Unterstützung für Trauernde Hilfe für Suizid-Angehörige: Trauergruppe startet

In einer neuen Trauergruppe erfahren Angehörige von Menschen, die Suizid begangen haben, Unterstützung.
In einer neuen Trauergruppe erfahren Angehörige von Menschen, die Suizid begangen haben, Unterstützung. (Bild: picture alliance / Zoonar | Robert Kneschke)

Über 9.000 Menschen nehmen sich jährlich in Deutschland das Leben. Was bleibt sind sprachlose Angehörige, die sich oft die Schuld geben und täglich aufs Neue gegen widersprüchliche Gefühle ankämpfen. Ein kleiner Strohhalm sind Trauergruppen. Am 5. November startet eine ‘geschlossene Selbsthilfegruppe‘ in Wangen.
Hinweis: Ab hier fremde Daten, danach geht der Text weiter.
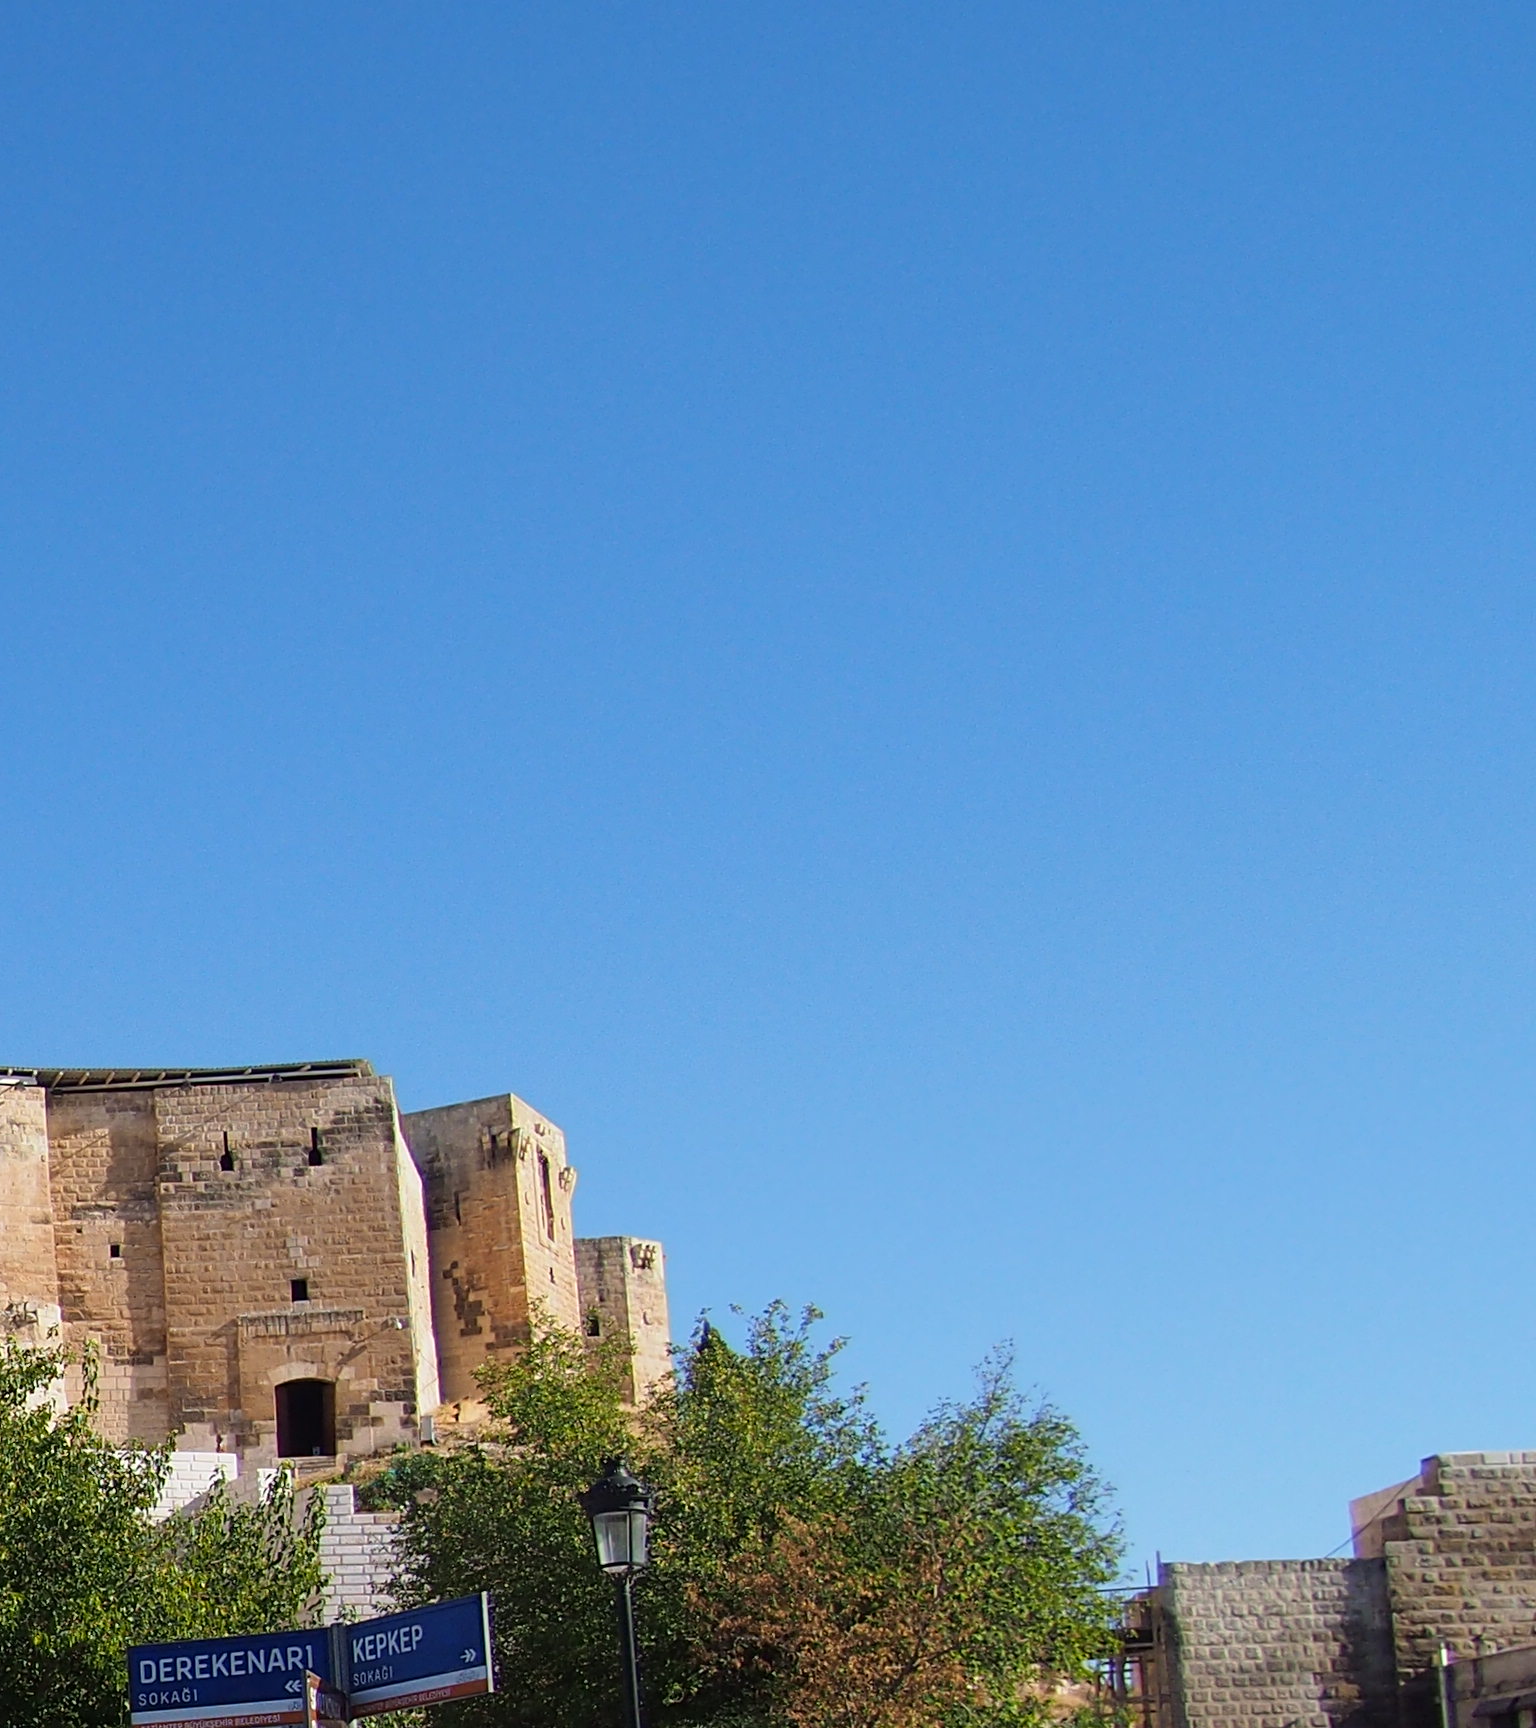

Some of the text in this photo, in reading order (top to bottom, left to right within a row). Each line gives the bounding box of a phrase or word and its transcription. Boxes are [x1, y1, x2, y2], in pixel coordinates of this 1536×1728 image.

[353, 1624, 423, 1663] KEPKEP
[139, 1645, 313, 1684] DEREKENARI
[353, 1666, 393, 1686] SOKAĞI
[138, 1687, 198, 1706] SOKAĞI
[234, 1714, 281, 1726] BELEDİYESİ
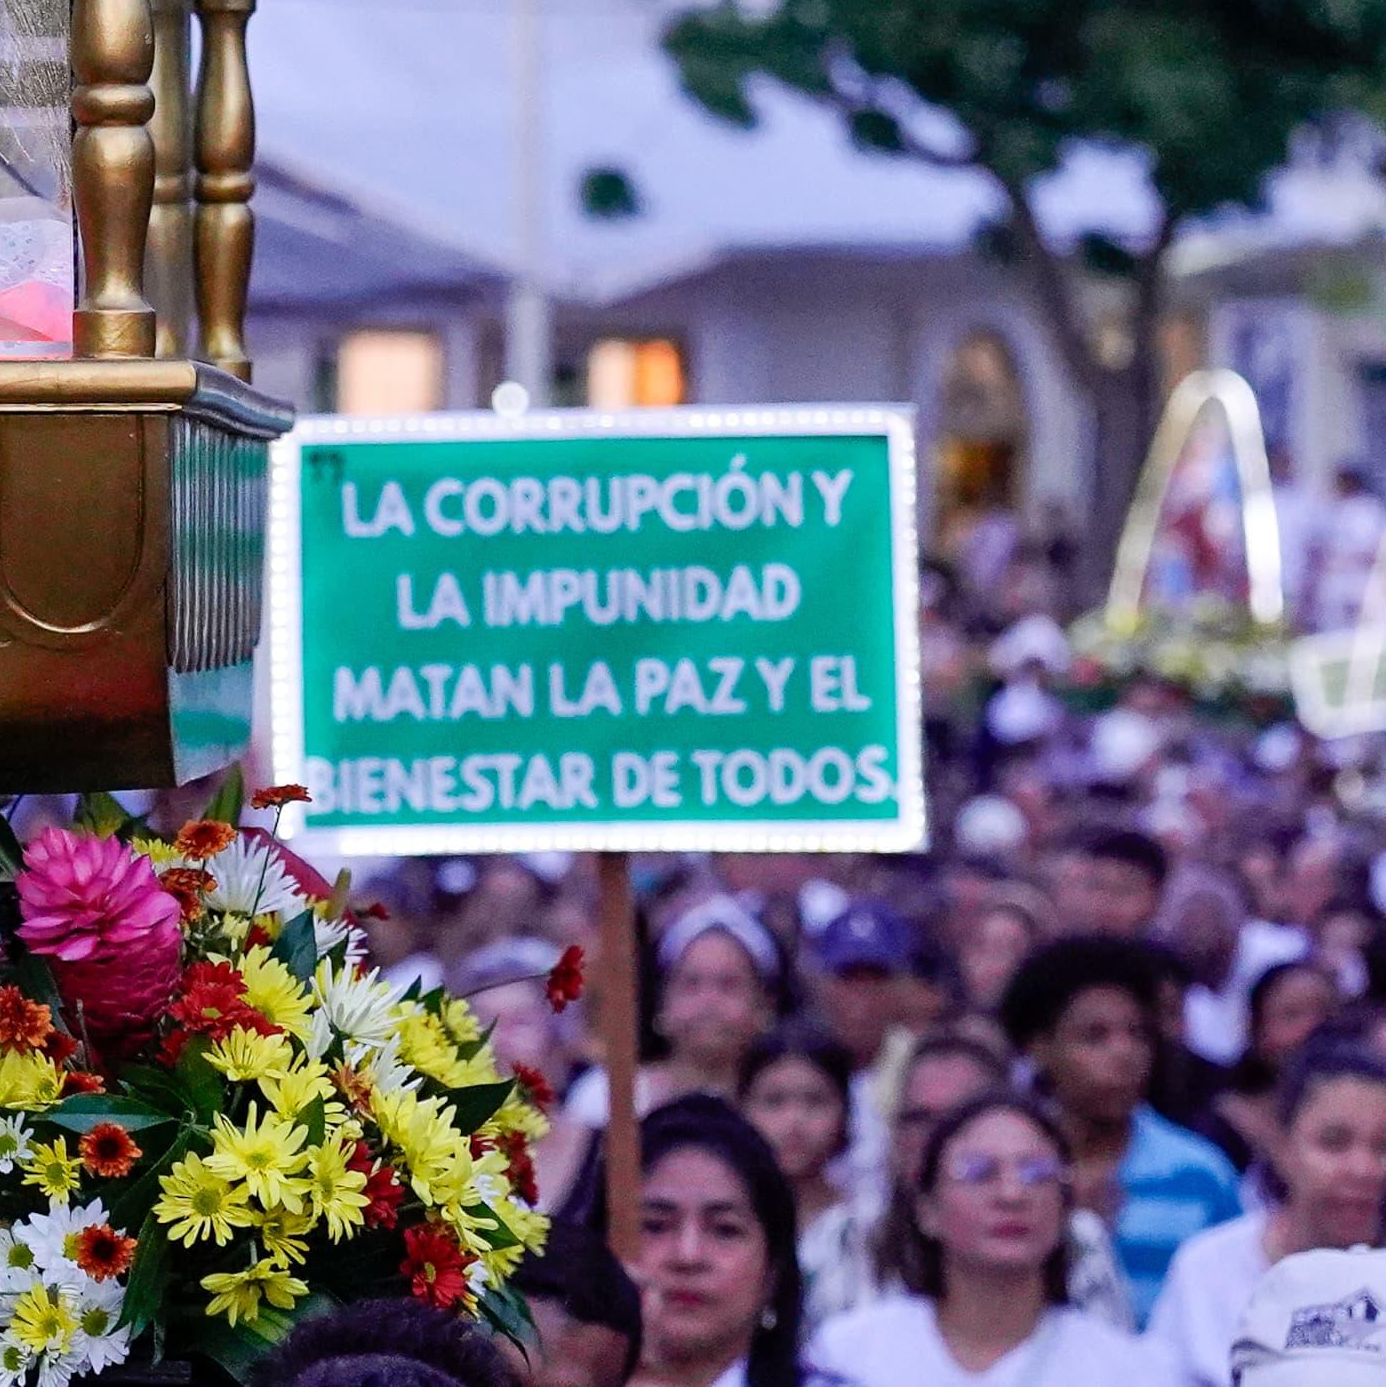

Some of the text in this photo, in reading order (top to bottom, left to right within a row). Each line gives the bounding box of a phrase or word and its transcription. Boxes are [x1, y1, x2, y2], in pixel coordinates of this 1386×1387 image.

[341, 454, 853, 537] LA CORRUPCIÓN Y
[396, 563, 801, 628] LA IMPUNIDAD
[334, 656, 871, 722] MATAN LA PAZ Y EL
[306, 752, 595, 814] BIENESTAR
[612, 751, 684, 807] DE
Wir haben mit einer betroffenen Familie gesprochen.

Wenn ein geliebter Mensch stirbt, steht die Welt für einen Moment still und danach ist nichts mehr so wie es war. Das Leben geht zwar weiter, aber es wird ein anderes sein. Bei uns sterben jährlich mehr Menschen durch Suizid als bei Verkehrsunfällen. Allein in den Landkreisen Ravensburg und Bodenseekreis sind es ca. 35 Suizidtode pro Jahr. Eine Zahl, die erschreckend ist.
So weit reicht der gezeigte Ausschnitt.